Word for word, set down the records and skip each picture.

DATA SUPPLIED =
▼
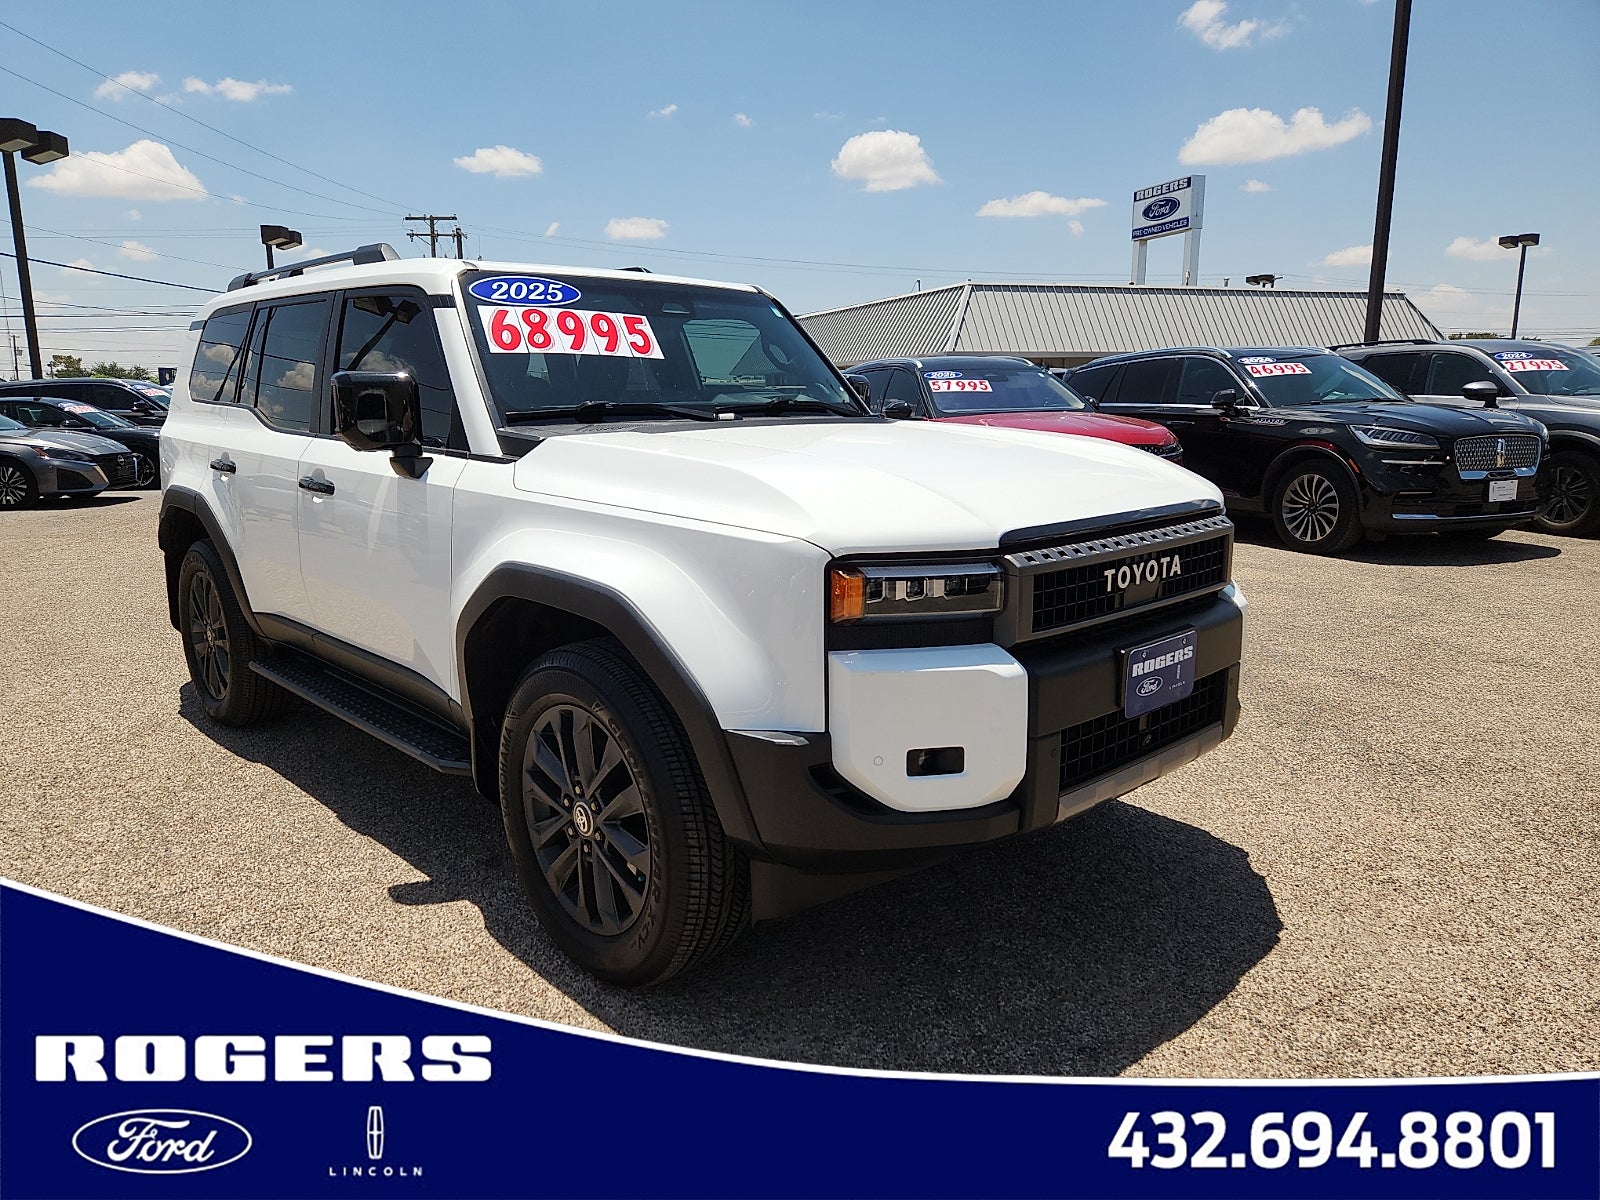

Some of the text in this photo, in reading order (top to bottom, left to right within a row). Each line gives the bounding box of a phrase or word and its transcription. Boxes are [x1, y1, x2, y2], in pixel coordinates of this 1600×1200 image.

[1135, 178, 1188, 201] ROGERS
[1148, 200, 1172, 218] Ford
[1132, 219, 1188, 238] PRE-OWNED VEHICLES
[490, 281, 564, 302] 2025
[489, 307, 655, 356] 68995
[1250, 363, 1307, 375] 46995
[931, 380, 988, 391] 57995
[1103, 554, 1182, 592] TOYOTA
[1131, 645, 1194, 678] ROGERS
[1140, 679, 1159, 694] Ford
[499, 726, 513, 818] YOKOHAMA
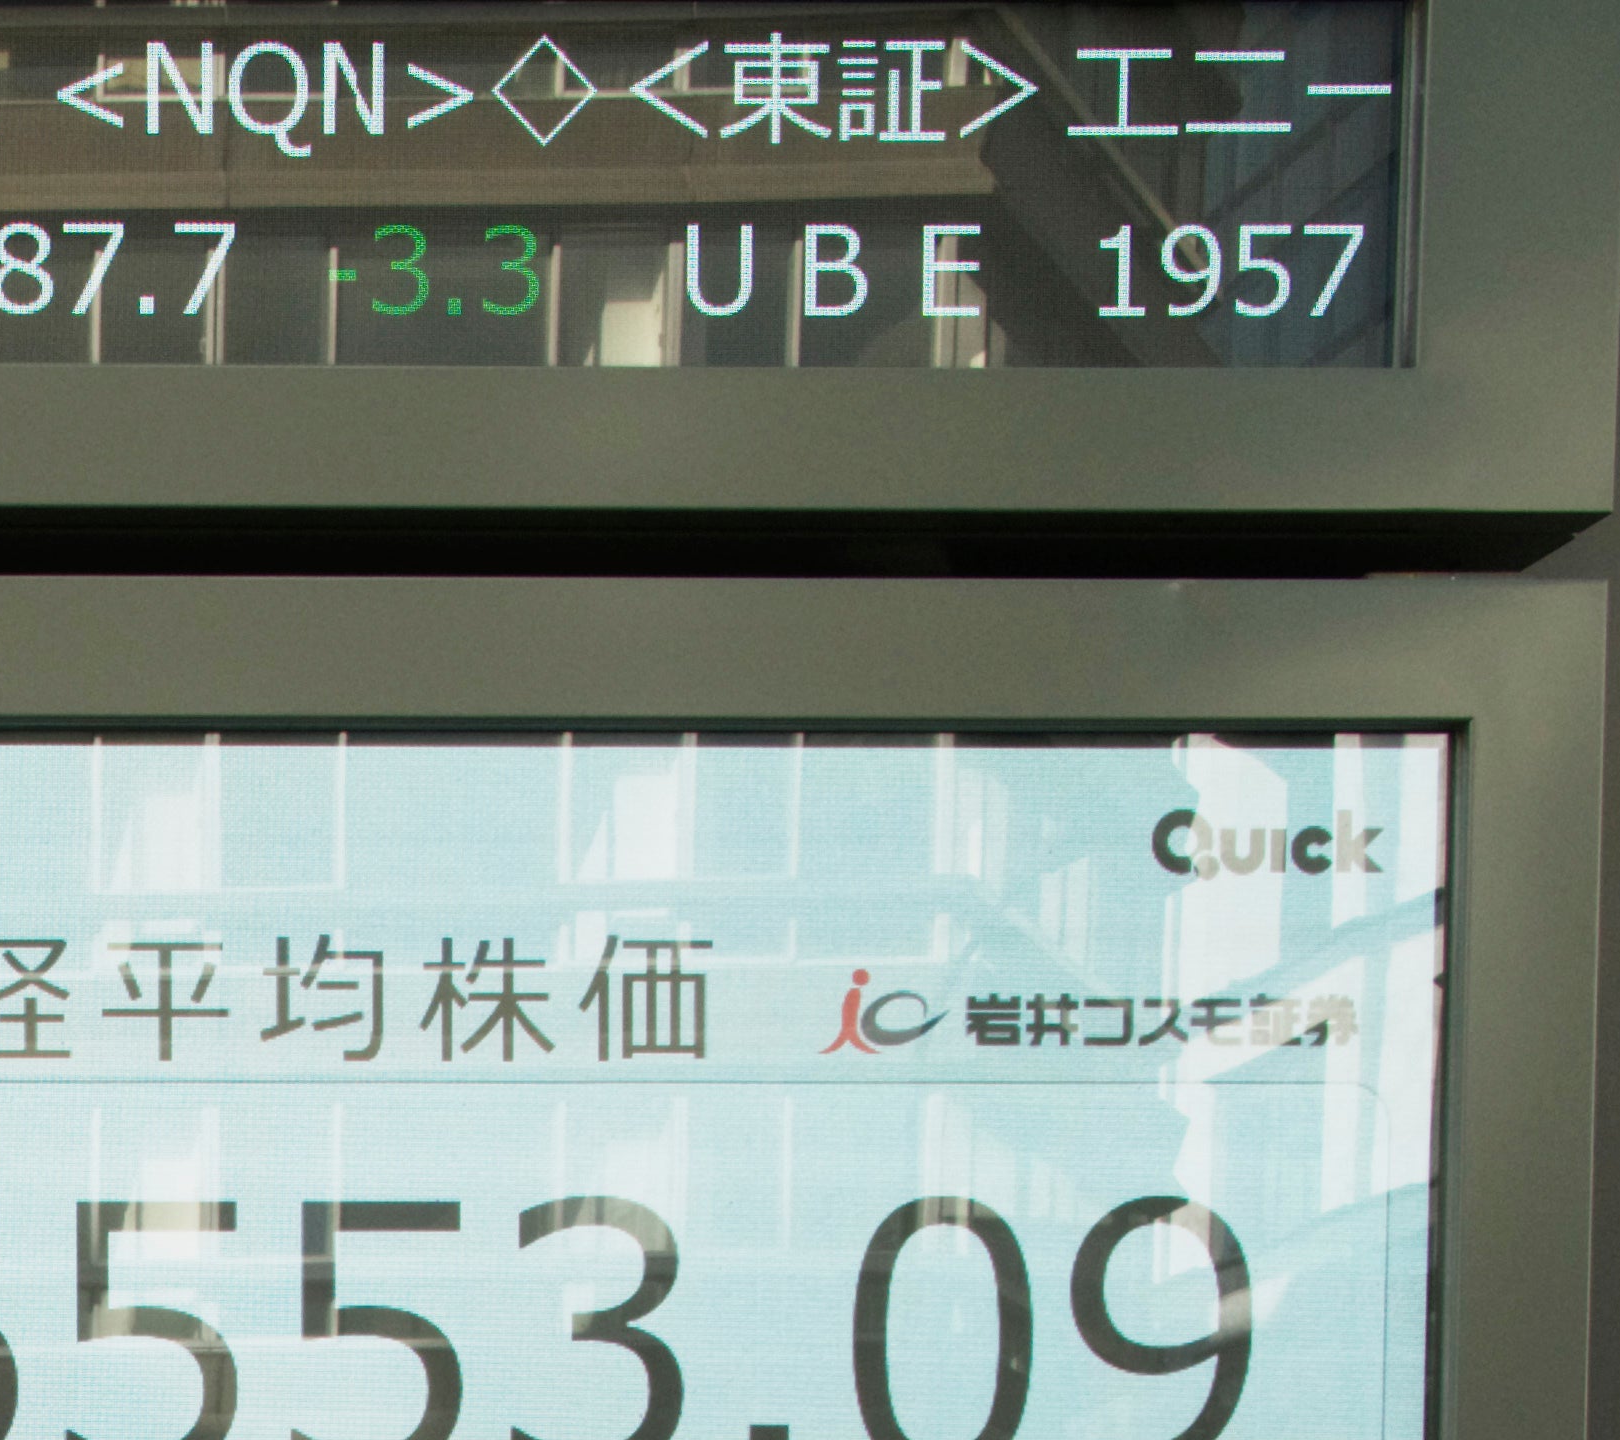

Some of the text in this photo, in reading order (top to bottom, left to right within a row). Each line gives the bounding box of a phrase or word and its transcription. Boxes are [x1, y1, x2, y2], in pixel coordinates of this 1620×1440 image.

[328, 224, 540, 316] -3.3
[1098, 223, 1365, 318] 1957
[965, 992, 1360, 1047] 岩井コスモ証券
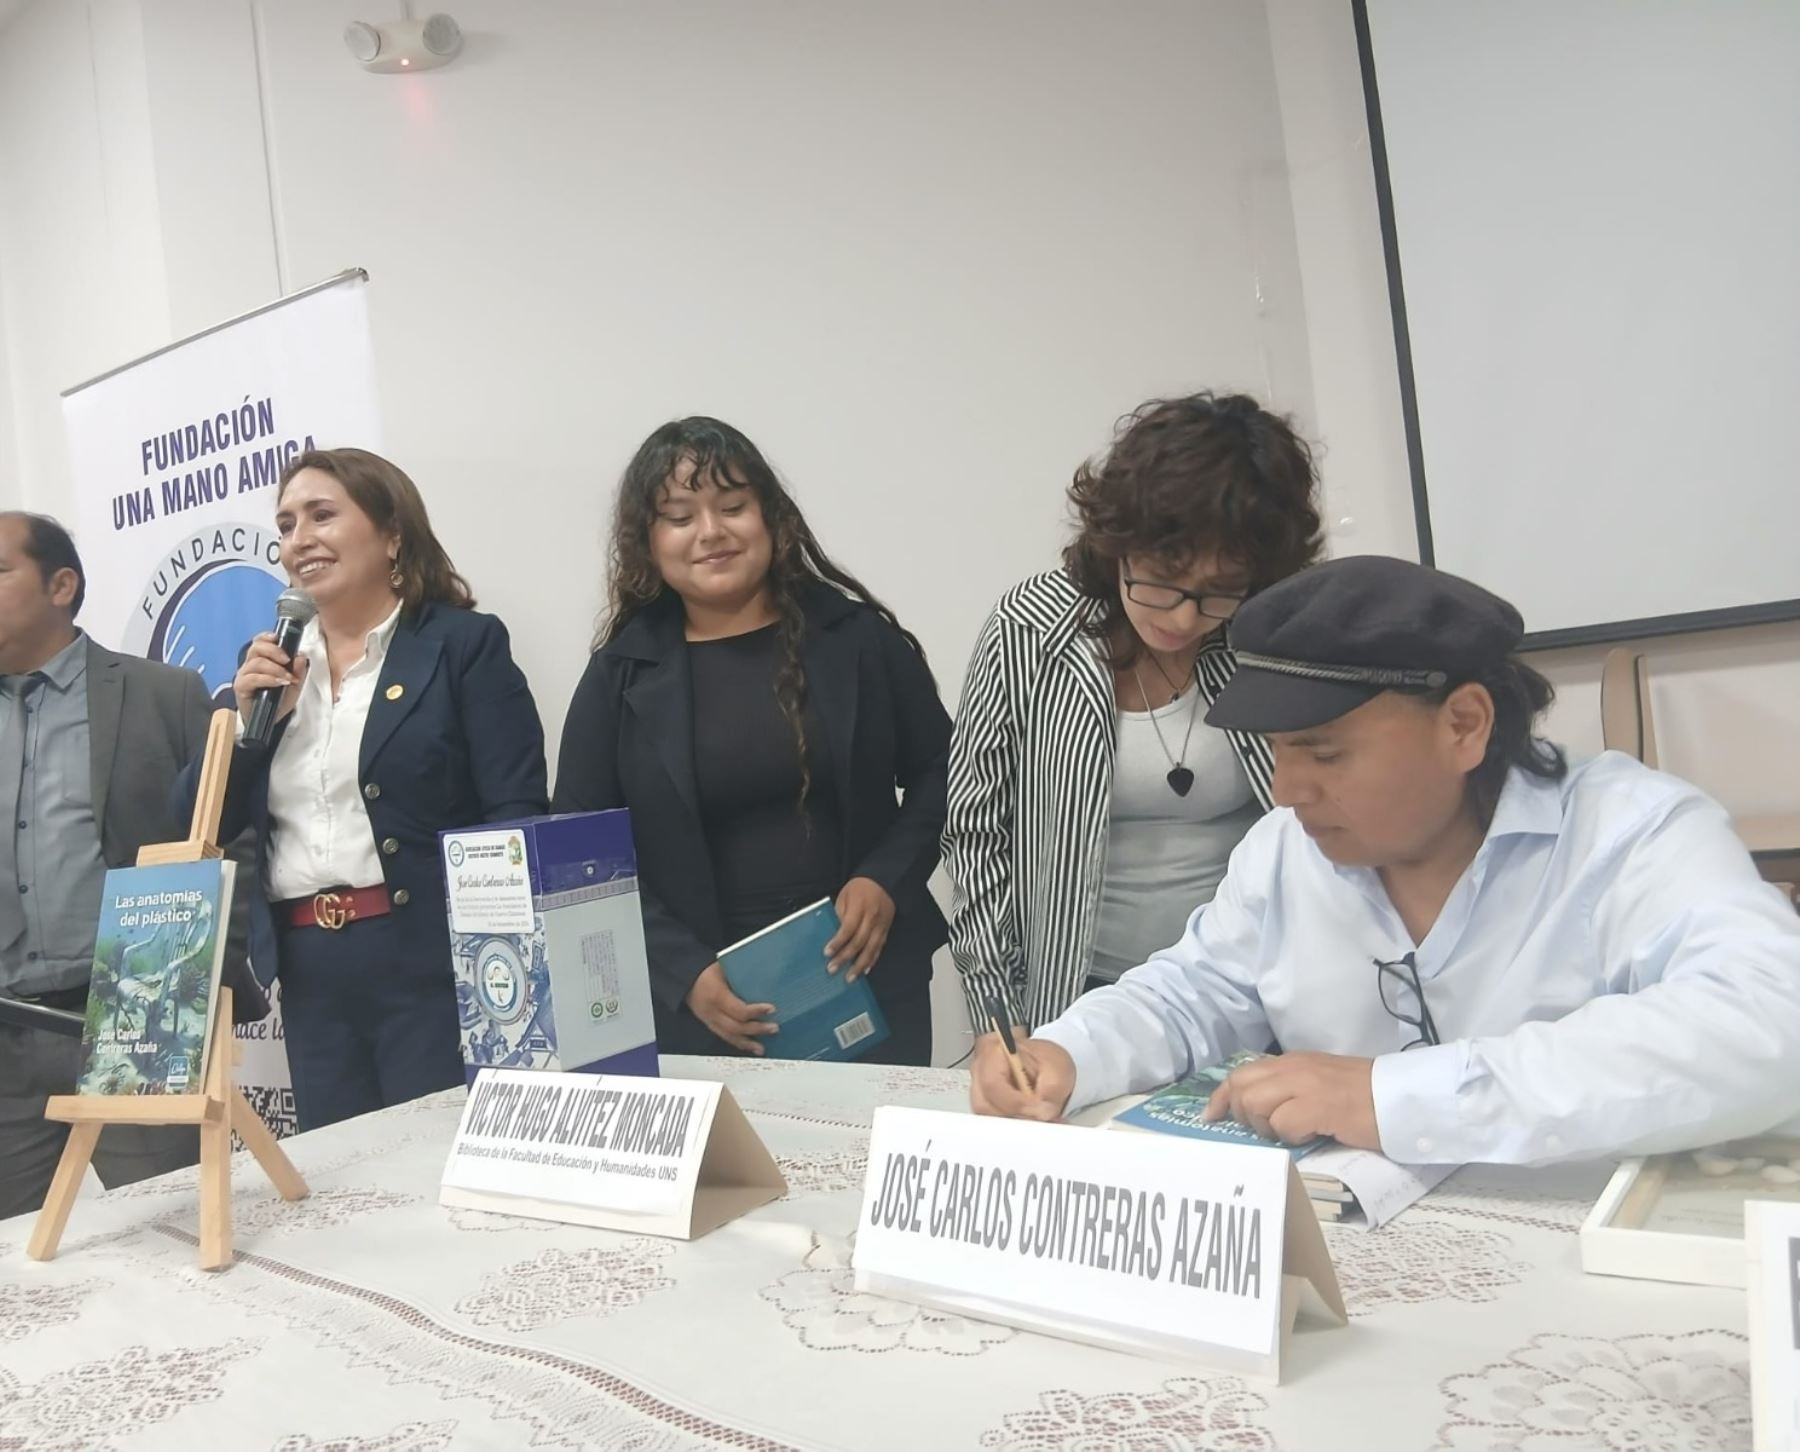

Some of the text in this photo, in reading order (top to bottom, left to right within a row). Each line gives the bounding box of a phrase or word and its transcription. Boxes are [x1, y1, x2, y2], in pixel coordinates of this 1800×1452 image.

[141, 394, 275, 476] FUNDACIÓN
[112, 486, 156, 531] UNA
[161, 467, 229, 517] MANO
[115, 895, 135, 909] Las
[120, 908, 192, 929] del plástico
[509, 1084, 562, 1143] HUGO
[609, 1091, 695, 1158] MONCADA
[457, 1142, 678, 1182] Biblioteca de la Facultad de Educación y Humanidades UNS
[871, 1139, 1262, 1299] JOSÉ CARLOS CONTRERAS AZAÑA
▲
EXERCISE RESULT =
Some of the text in this photo, in reading order (top to bottom, left to right within a row). Each line gives the bounding box of a phrase or word and its transcription. Boxes are [x1, y1, x2, y2], in pixel coordinates of this 1600×1200 image.

[1135, 178, 1188, 201] ROGERS
[1148, 200, 1172, 218] Ford
[1132, 219, 1188, 238] PRE-OWNED VEHICLES
[490, 281, 564, 302] 2025
[489, 307, 655, 356] 68995
[1250, 363, 1307, 375] 46995
[931, 380, 988, 391] 57995
[1103, 554, 1182, 592] TOYOTA
[1131, 645, 1194, 678] ROGERS
[1140, 679, 1159, 694] Ford
[499, 726, 513, 818] YOKOHAMA

Some of the text in this photo, in reading order (top to bottom, left to right within a row). Each line gives the bounding box of a phrase or word and its transcription. Boxes are [x1, y1, x2, y2], in pixel coordinates of this 1620×1440 image.

[328, 224, 540, 316] -3.3
[1098, 223, 1365, 318] 1957
[965, 992, 1360, 1047] 岩井コスモ証券

Some of the text in this photo, in reading order (top to bottom, left to right within a row). Each line gives the bounding box of a phrase or word and its transcription. Boxes are [x1, y1, x2, y2], in pixel coordinates of this 1800×1452 image.

[141, 394, 275, 476] FUNDACIÓN
[112, 486, 156, 531] UNA
[161, 467, 229, 517] MANO
[115, 895, 135, 909] Las
[120, 908, 192, 929] del plástico
[509, 1084, 562, 1143] HUGO
[609, 1091, 695, 1158] MONCADA
[457, 1142, 678, 1182] Biblioteca de la Facultad de Educación y Humanidades UNS
[871, 1139, 1262, 1299] JOSÉ CARLOS CONTRERAS AZAÑA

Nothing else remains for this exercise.